Manitoba dentists raise concerns over Canadian Dental Care Plan

Dentists are expressing their concerns about what they say is a lack of details about the Canadian Dental Care Plan, with the Manitoba Dental Association even telling dentists to hold back from participating until some issues are addressed.

As more Canadians continue to become eligible for the Canadian Dental Care Plan (CDCP) this year, dentists are expressing their concerns about what they say is the plan’s lack of details, with the Manitoba Dental Association even telling dentists to hold back from participating until some issues are addressed.

By June, all seniors, children under the age of 18 and adults with a valid disability tax credit certificate will be eligible to be covered under the plan.

The CDCP provides dental coverage to uninsured Canadians with a family income of under $90,000.

The plan is expected to cover all eligible Canadians in 2025.

“There’s still a lot of unknows about what the plan includes, what it involves,” said Dr. George Loewen, a dentist at Dental Dreams.

Dr. Loewen says while he supports the federal government’s move to cover dental care for uninsured Canadians, he worries that dentists who participate in the CDCP, may receive lower amounts of payment for the same treatment compared to patients that have private insurance.

“I know the biggest concern voiced among dentists is that if we are not getting paid the full amount,” explained Dr. Loewen.

Dentists have been able to sign up since March 11 to participate in the CDCP.

Manitoba Dental Association worries patients will still be left with unaffordable bills under dental care plan

The Manitoba Dental Association says the CDCP as it stands right now, covers a set amount for procedures, which means if a dentist charges more than what the federal government is willing to pay, the patient will be left with the difference.

“There will be many patients where this is still unaffordable for them or creates barriers,” explained Dr. Daron Baxter, president of the Manitoba Dental Association.

The Manitoba Dental Association is also calling on the federal government to cover eligible Canadians at any dentist, rather than waiting for offices to participate in the CDCP.

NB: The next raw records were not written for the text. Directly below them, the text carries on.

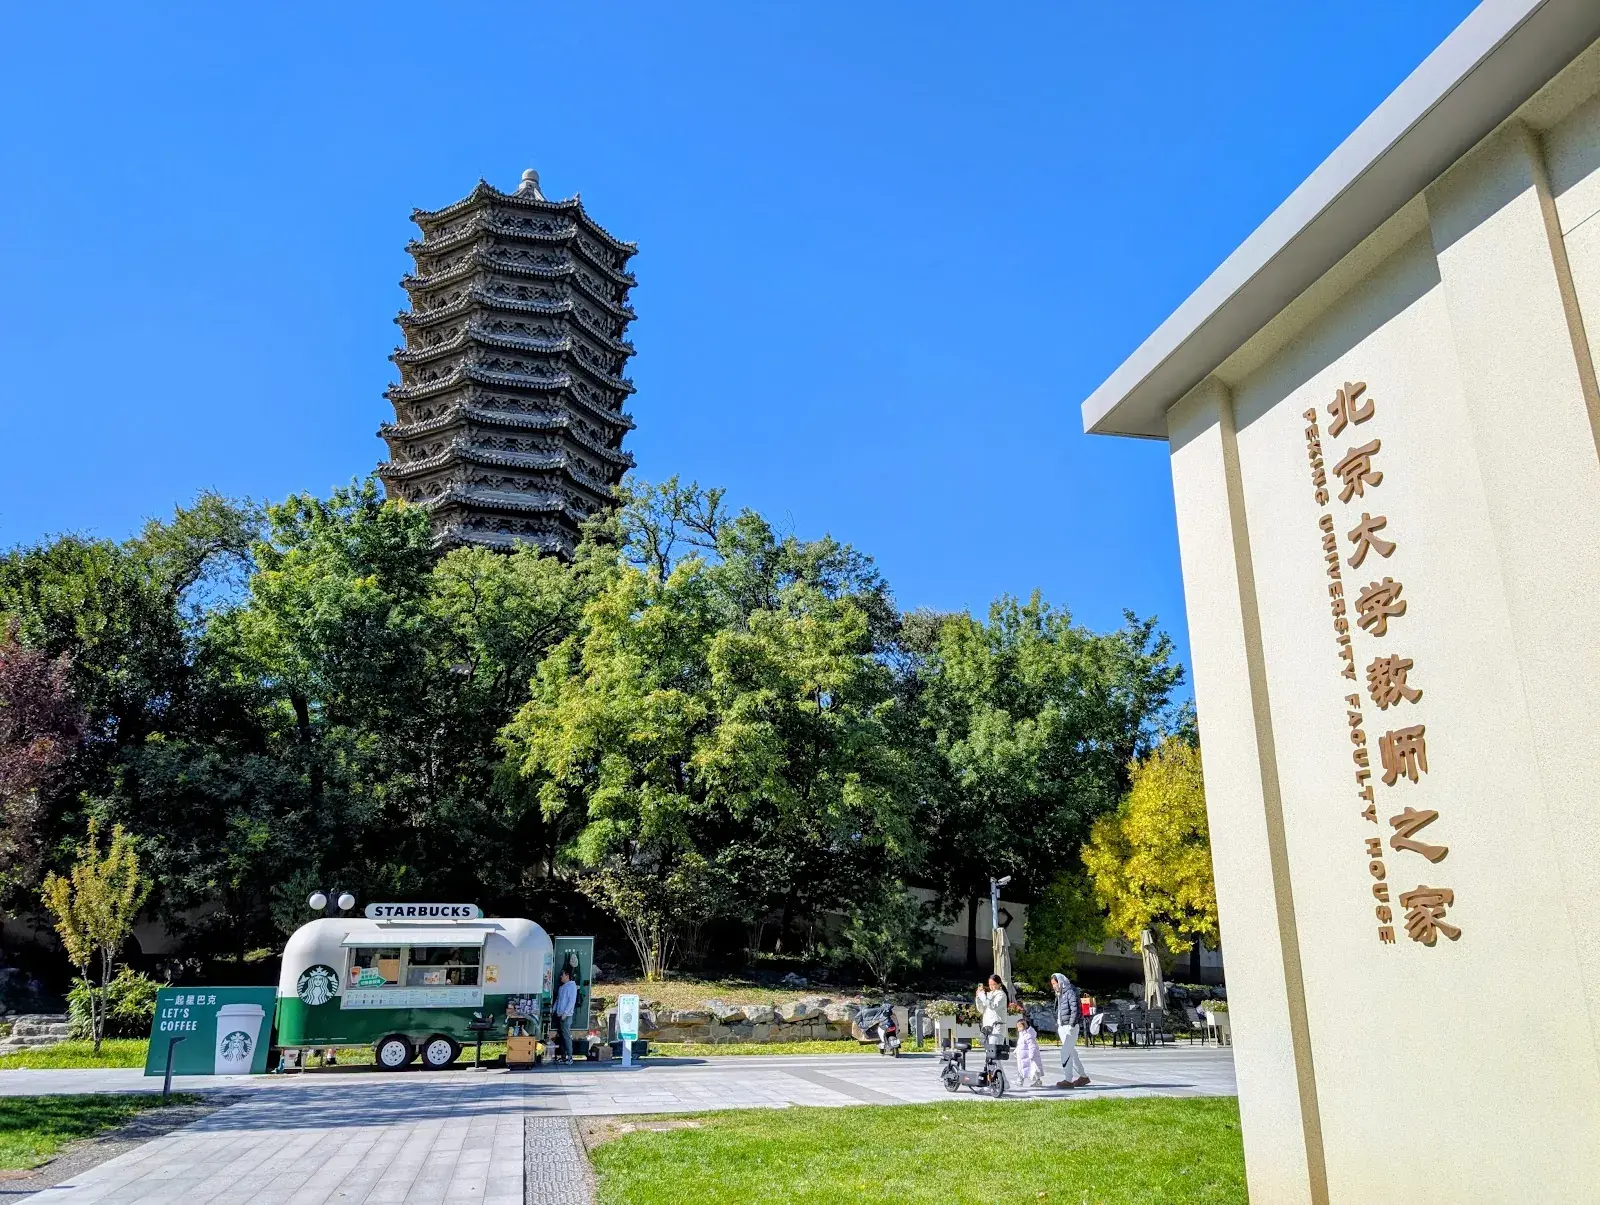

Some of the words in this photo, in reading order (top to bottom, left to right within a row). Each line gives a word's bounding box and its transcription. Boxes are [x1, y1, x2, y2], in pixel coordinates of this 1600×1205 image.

[1327, 381, 1461, 947] 北京大学教师之家
[1302, 407, 1330, 506] PEKING
[1318, 513, 1357, 682] UNIVERSITY
[1344, 693, 1378, 825] FACULTY
[1364, 837, 1396, 944] HOUSE
[374, 906, 471, 917] STARBUCKS
[164, 994, 217, 1006] 一起星巴克
[160, 1020, 198, 1031] COFFEE
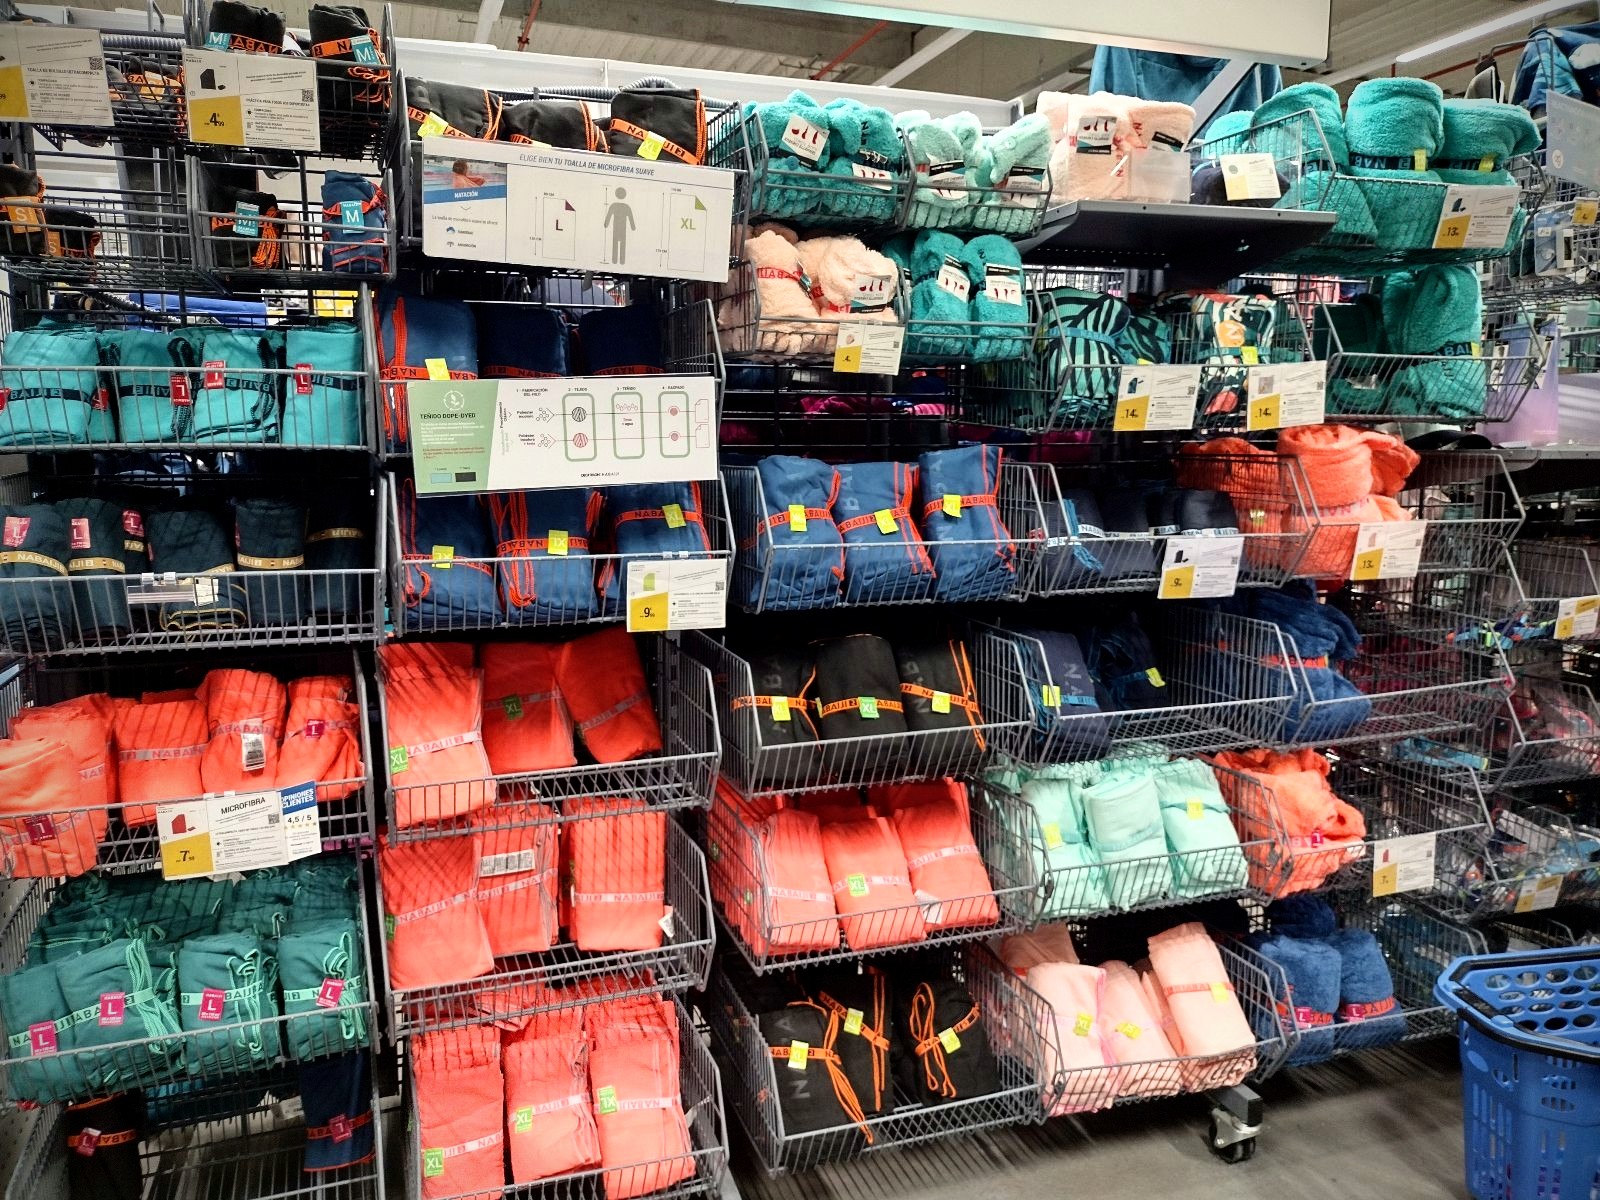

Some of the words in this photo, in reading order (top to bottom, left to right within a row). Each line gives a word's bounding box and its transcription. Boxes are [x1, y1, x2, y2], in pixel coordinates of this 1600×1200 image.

[209, 32, 223, 45] M
[356, 49, 371, 63] M
[564, 158, 587, 169] TOALLA
[598, 163, 634, 174] MICROFIBRA
[635, 168, 654, 176] SUAVE
[15, 207, 28, 222] S
[346, 210, 360, 223] M
[556, 219, 563, 231] L
[680, 218, 696, 230] XL
[176, 384, 186, 397] L
[74, 528, 83, 540] L
[506, 702, 521, 713] XL
[862, 703, 876, 713] XL
[390, 753, 406, 766] XL
[281, 788, 314, 801] OPINIONES
[220, 796, 266, 815] MICROFIBRA
[282, 796, 314, 808] CLIENTES
[288, 816, 300, 824] 4,5
[849, 880, 866, 890] XL
[326, 988, 334, 1000] L
[107, 1002, 117, 1015] L
[208, 1000, 216, 1011] L
[1352, 1008, 1360, 1016] L
[38, 1034, 49, 1046] L
[600, 1096, 616, 1107] XL
[517, 1113, 531, 1124] XL
[426, 1158, 441, 1169] XL

“The Canadian Dental Care Plan is a once-in-a-lifetime opportunity, but we must get it right,” explained Dr. Baxter.

“The current design of the CDCP restricts patients’ ability to continue care with their existing provider, to seek a provider that speaks their language and to choose a provider in their community.”

Despite his concerns, Dr. Loewen says he plans on participating in the CDCP.

“A lot of people are finding it a barrier to access dental care, a basic checkup and cleaning should be covered per year. Some people are doing 10 years of work in one year, the problem with that is that it’s ten years of work, and you can never catch up. It means we’re just pulling out people’s teeth out and that’s not good care. That’s retroactive, not proactive.”

Health Minister Mark Holland’s office said in a statement to CityNews that, “We are confident that oral health practitioners will continue to choose to register and support the CDCP, which will be transformational for the oral health outcomes of so many Canadians. Providers are essential to the success of the CDCP, which is why we will continue to have constructive and positive conversations with oral health professionals across the country as we roll out the CDCP.”